→ **Material for the task**
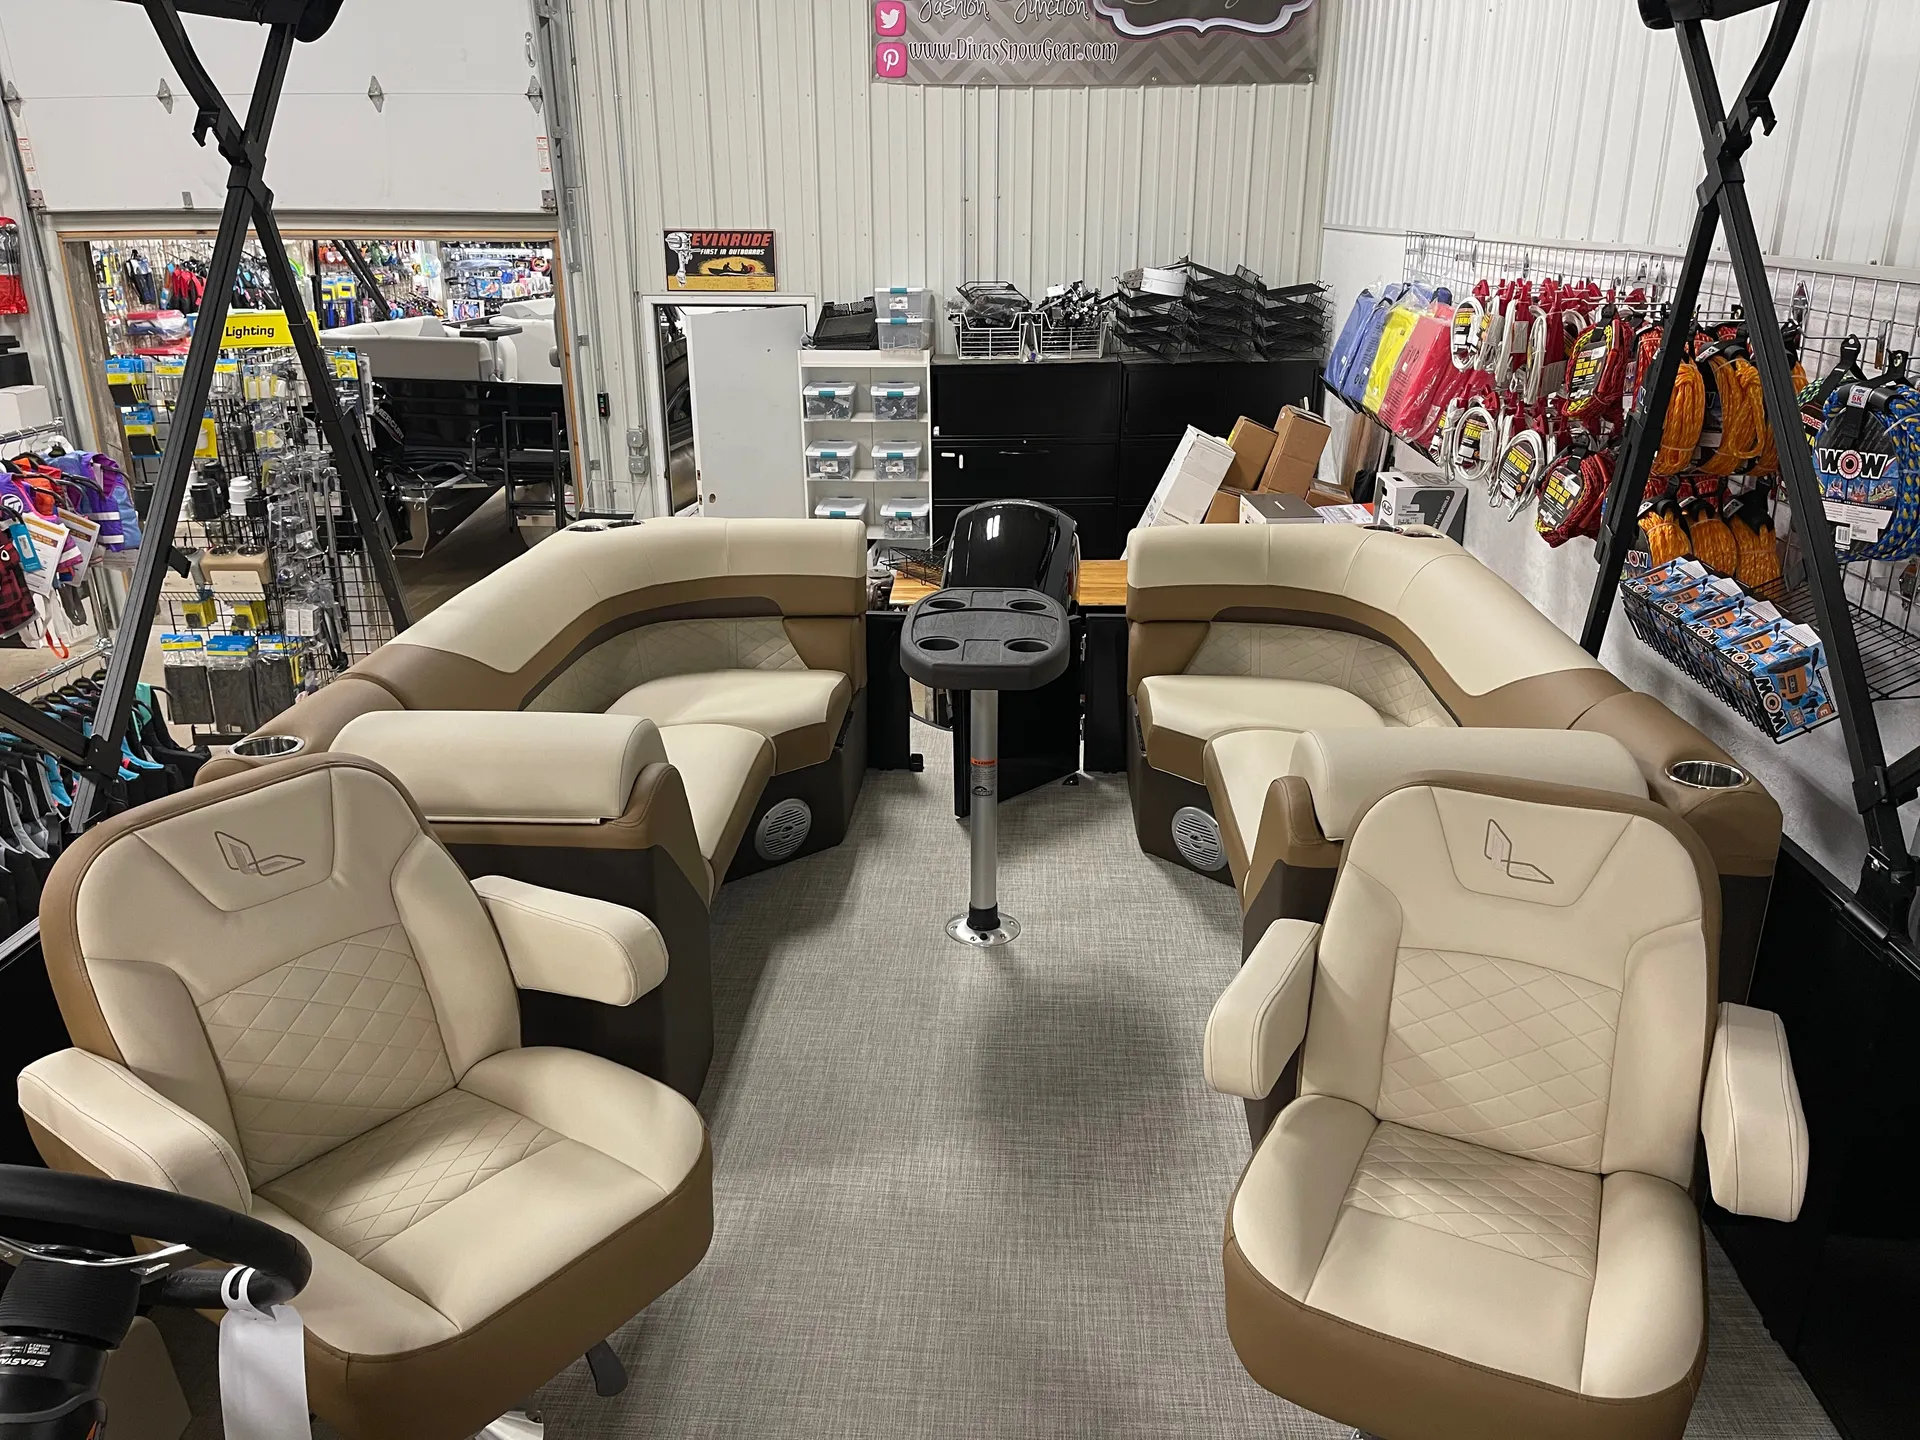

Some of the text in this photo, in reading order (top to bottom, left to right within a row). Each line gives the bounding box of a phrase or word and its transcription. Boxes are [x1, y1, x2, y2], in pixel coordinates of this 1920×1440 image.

[908, 37, 1118, 65] www.DivasSnowGear.com
[691, 233, 772, 246] EVINRUDE
[225, 326, 275, 339] Lighting
[1819, 447, 1888, 479] WOW
[1625, 549, 1649, 568] OW
[1624, 580, 1654, 600] WOW
[1653, 598, 1685, 618] WOW
[1684, 622, 1721, 645] WOW
[1720, 646, 1758, 671] WOW
[1754, 676, 1788, 732] WOW
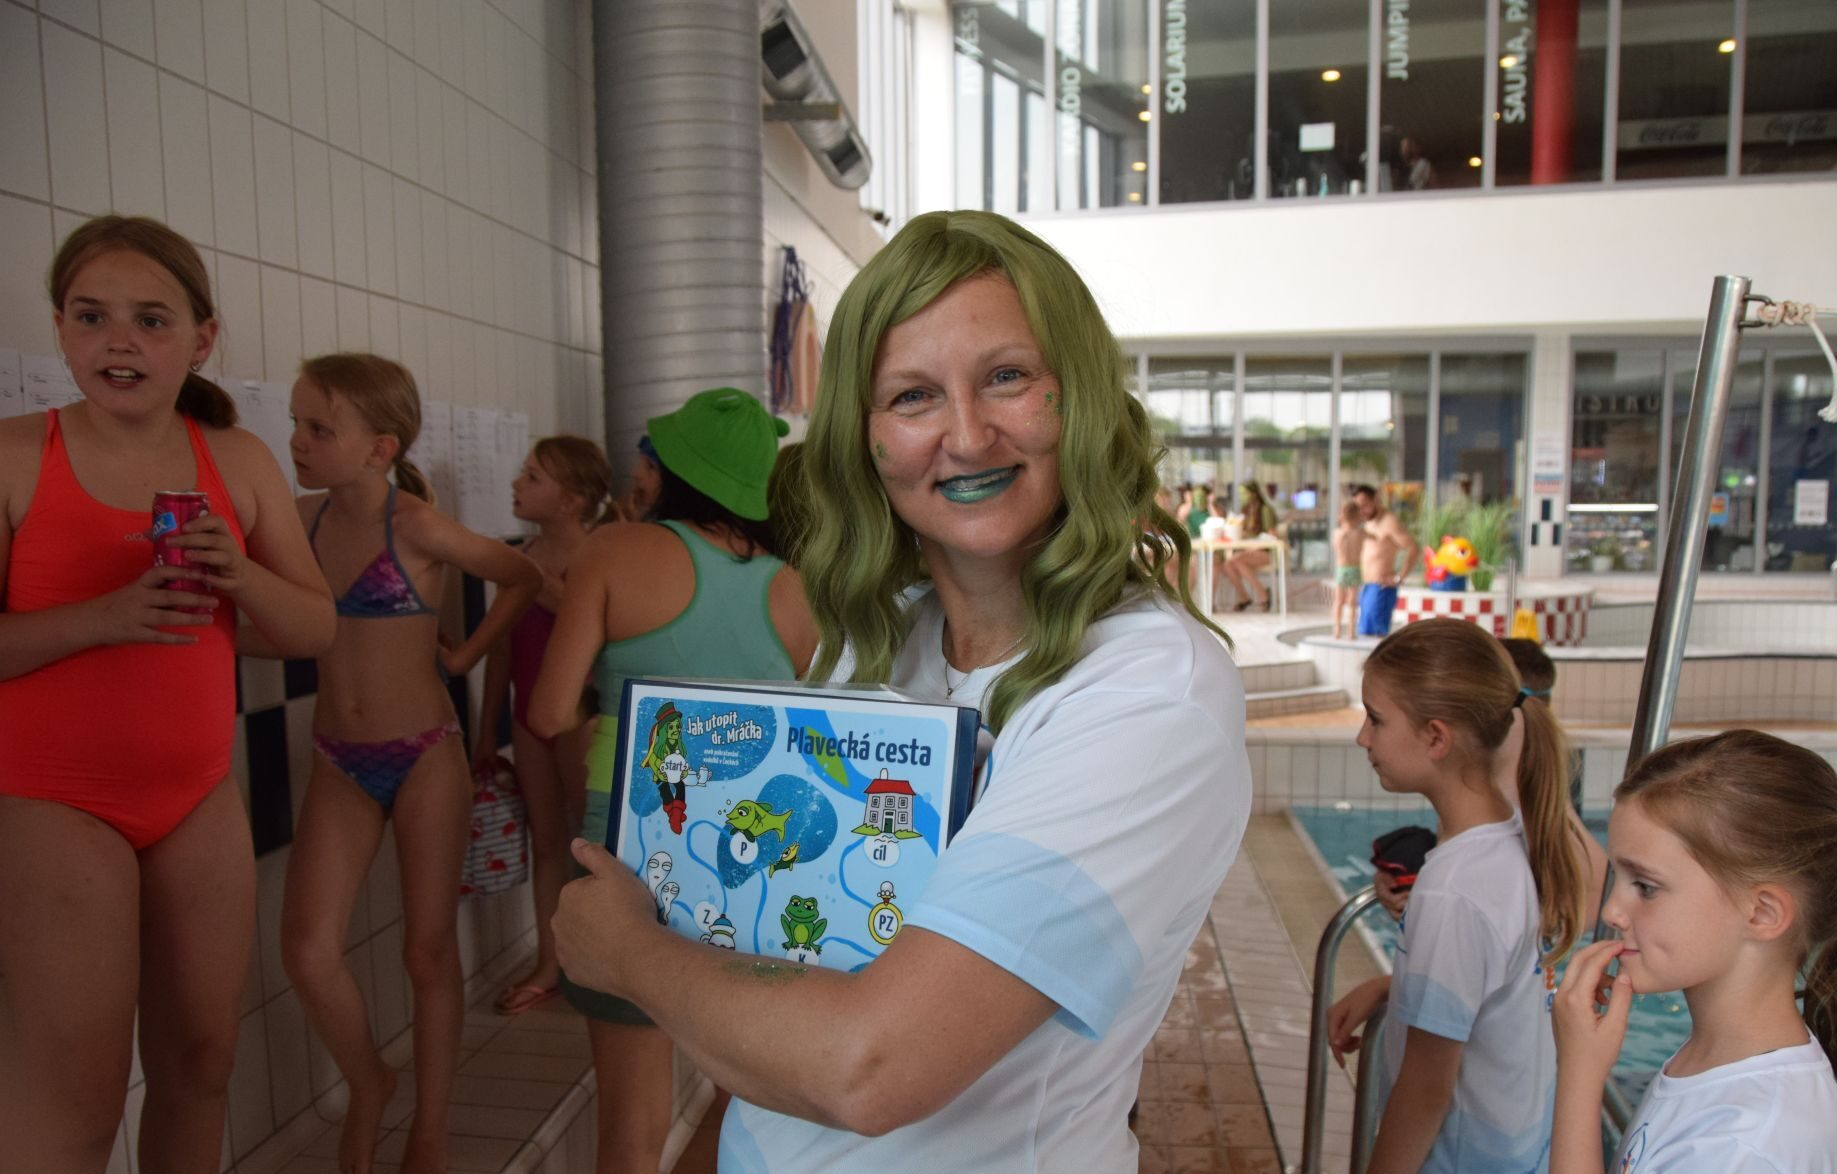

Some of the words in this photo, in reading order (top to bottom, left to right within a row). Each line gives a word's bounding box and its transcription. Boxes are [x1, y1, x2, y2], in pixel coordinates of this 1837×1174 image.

[687, 716, 704, 735] Jak
[705, 712, 737, 730] utopit
[711, 730, 725, 745] dr.
[727, 720, 762, 743] Mráčka
[786, 727, 870, 761] Plavecká
[875, 736, 931, 767] cesta
[664, 761, 684, 772] start
[740, 842, 748, 857] P
[873, 844, 886, 860] cíl
[703, 909, 711, 925] Z
[878, 914, 894, 932] PZ
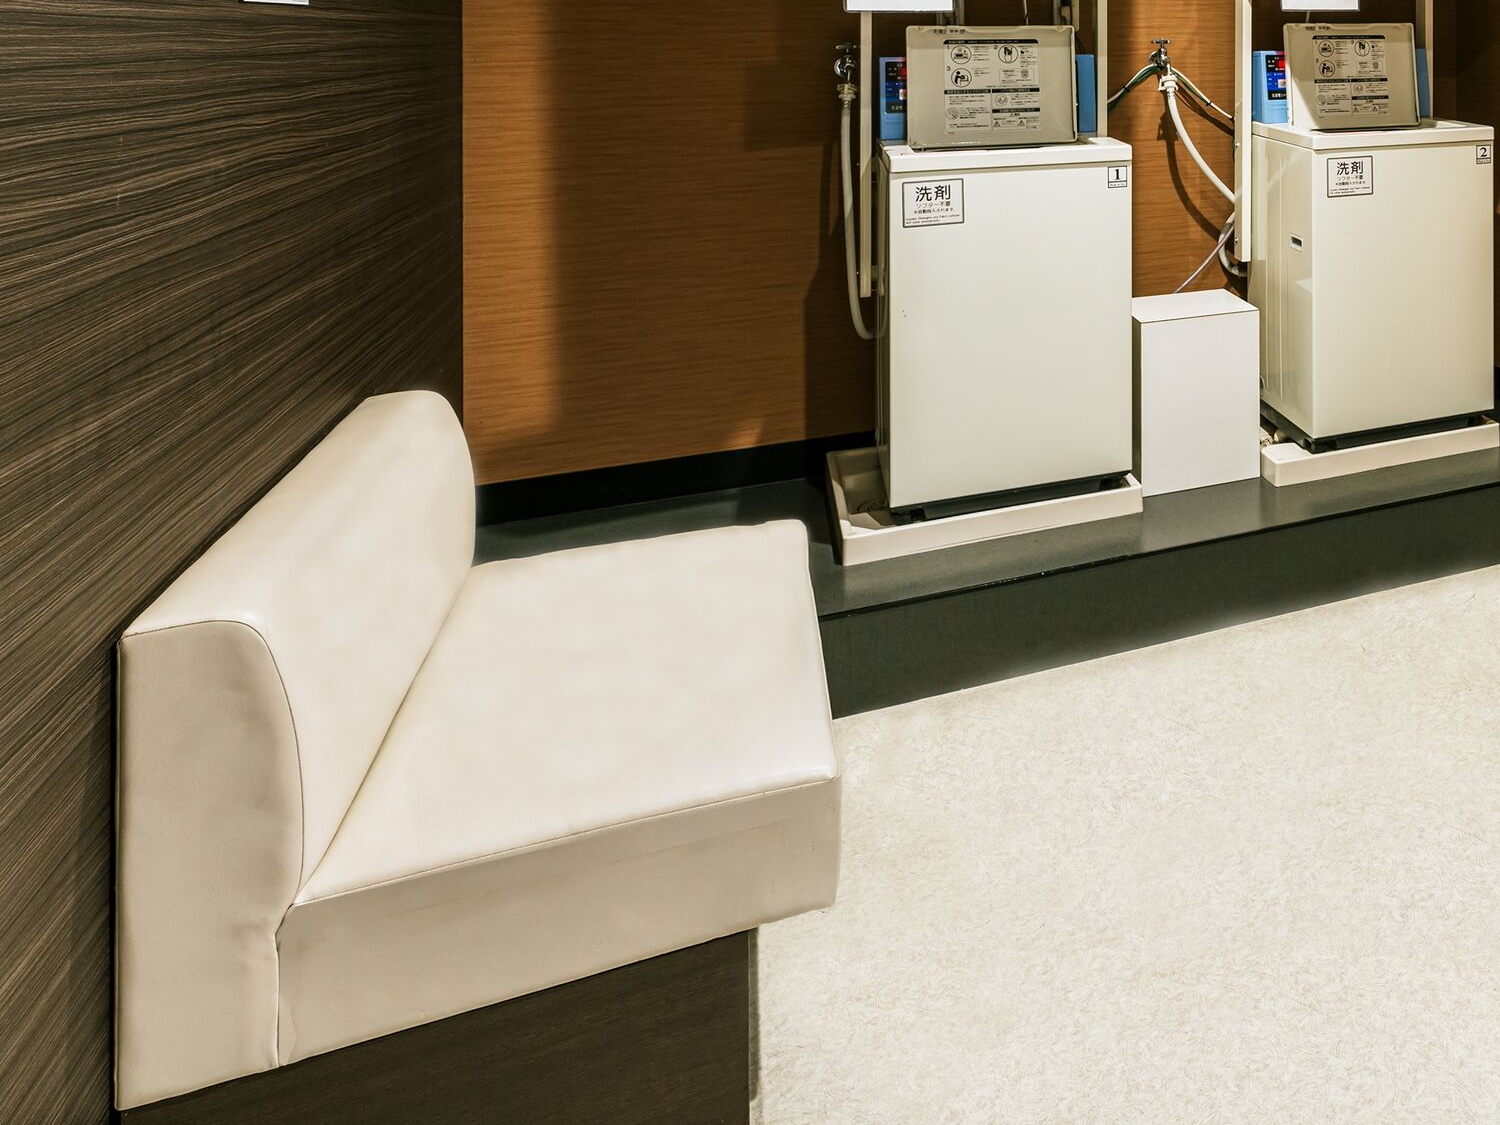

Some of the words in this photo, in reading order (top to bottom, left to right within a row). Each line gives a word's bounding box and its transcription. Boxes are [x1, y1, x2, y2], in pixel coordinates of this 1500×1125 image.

[1479, 146, 1488, 158] 2
[1114, 168, 1121, 181] 1
[1336, 160, 1364, 176] 洗剤
[915, 184, 951, 203] 洗剤

→ **Task to complete**
Return each of the lines exactly as they appear above, with no images.

→ **Output for this task**
Some of the text in this photo, in reading order (top to bottom, left to right within a row). Each line gives the bounding box of a phrase or word and its transcription. Boxes are [x1, y1, x2, y2], in pixel coordinates of this 1920×1440 image.

[908, 37, 1118, 65] www.DivasSnowGear.com
[691, 233, 772, 246] EVINRUDE
[225, 326, 275, 339] Lighting
[1819, 447, 1888, 479] WOW
[1625, 549, 1649, 568] OW
[1624, 580, 1654, 600] WOW
[1653, 598, 1685, 618] WOW
[1684, 622, 1721, 645] WOW
[1720, 646, 1758, 671] WOW
[1754, 676, 1788, 732] WOW

Some of the words in this photo, in reading order (top to bottom, left to right within a row). Each line gives a word's bounding box and its transcription. Boxes are [x1, y1, x2, y2], in pixel coordinates of this 1837×1174 image.

[687, 716, 704, 735] Jak
[705, 712, 737, 730] utopit
[711, 730, 725, 745] dr.
[727, 720, 762, 743] Mráčka
[786, 727, 870, 761] Plavecká
[875, 736, 931, 767] cesta
[664, 761, 684, 772] start
[740, 842, 748, 857] P
[873, 844, 886, 860] cíl
[703, 909, 711, 925] Z
[878, 914, 894, 932] PZ

Some of the words in this photo, in reading order (top to bottom, left to right within a row). Each line gives a word's bounding box and its transcription. Boxes are [x1, y1, x2, y2], in pixel coordinates of this 1500×1125 image.

[1479, 146, 1488, 158] 2
[1114, 168, 1121, 181] 1
[1336, 160, 1364, 176] 洗剤
[915, 184, 951, 203] 洗剤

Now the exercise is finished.